Disney announced a partnership with OpenAI today, and it lands with the kind of thud that tells you something irreversible just happened. The deal is simple on paper: Sora gets access to more than 200 characters across Disney, Pixar, Marvel, and Star Wars. Fans (like you and me) will be able to generate short videos inside those worlds. ChatGPT Images gets the same access for stills. Disney invests a billion dollars into OpenAI. And all of this eventually shows up on Disney+ as curated content made by regular people with a text box.
You can feel half the internet cheering and the other half losing their fucking mind.
People have been arguing for years about whether AI belongs in creative work, whether tools like Sora “count” as art, whether this whole wave is just a fad (or worse, a bubble.)
Disney ending that debate with a licensing deal isn’t subtle.
They didn’t pilot something small here. They opened their vault and said, "here, go make things."

This is going to incense the anti-AI movement for obvious reasons. If you already believe AI is an existential threat to you as an artist, this feels like the literal end of the world. Your childhood characters are now officially living inside a generative model. Your memories are being turned into prompt-ready assets. And instead of threatening lawsuits or issuing takedowns, Disney is nodding and saying, yes, that’s the plan.
But outrage alone doesn’t erase what this actually signals.

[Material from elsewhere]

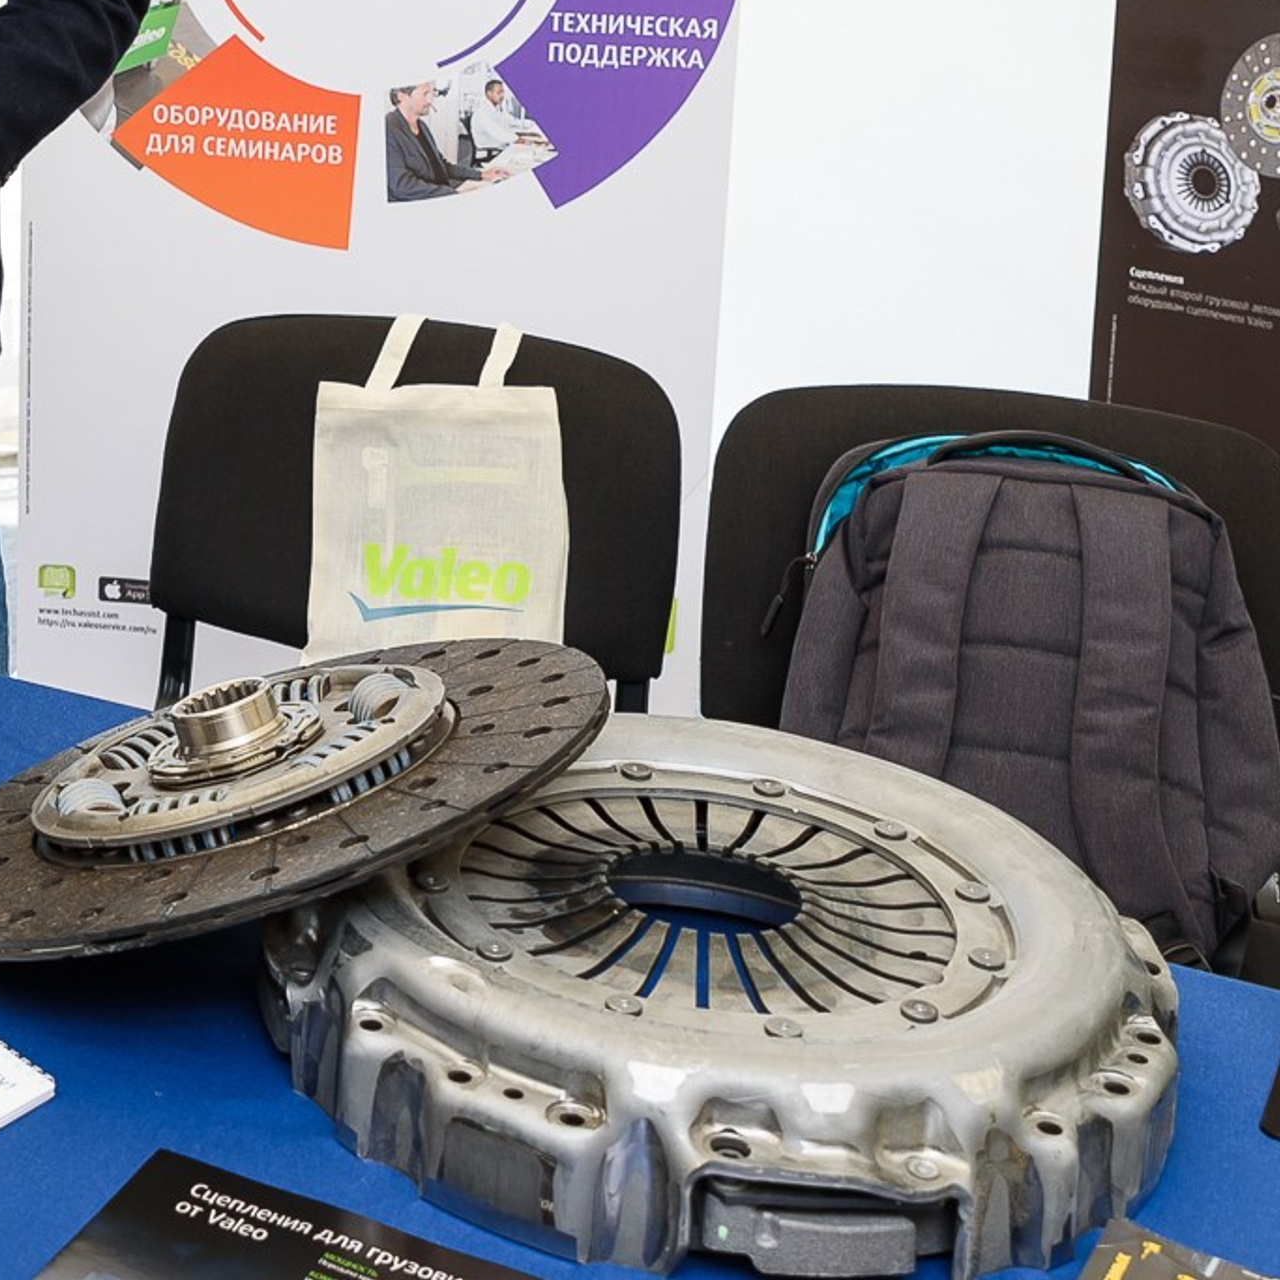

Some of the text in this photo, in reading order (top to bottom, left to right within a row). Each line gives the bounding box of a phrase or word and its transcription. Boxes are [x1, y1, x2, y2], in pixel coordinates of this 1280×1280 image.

The biggest storytelling company on the planet is putting real money, real IP, and real distribution behind the idea that AI is not only part of creative work but a core part of where things are going. You don’t pour a billion dollars into a technology you think is a side project. And you certainly don’t license The Avengers unless you’ve decided the medium is legitimate.
People will complain, loudly.

The cynic will say Disney is doing this to for money. The optimist will say it’s a new era of fan storytelling. The truth sits somewhere in the middle. This isn’t about replacing creators or empowering them. It’s about control. If AI is going to remix everything anyway, Disney would rather be the one handing out the brushes. Better to define the sandbox than to chase everyone around with cease-and-desist letters.
And it’s not like Disney is the first one through the door. We’ve already seen Shaq, Jake Paul, Mark Cuban, and Snoop work with Sora to license their likeness and build new forms of expression. Those deals looked experimental. This one looks structural. When individuals do it, it’s curiosity. When Disney does it, it’s a signal.
Hollywood has been dragging its feet on AI, so this might be the watershed moment that forces the industry to say out loud what’s been obvious for a while: the tools aren’t going away, and pretending they might isn’t a strategy. Disney stepping into the arena makes it legitimate in a way no press release ever could.
You don’t have to love this. You don’t have to use the tools. But the future isn’t waiting for everyone to feel comfortable first. Disney just handed the prompt box to the world. Now we get to see what people actually do with it.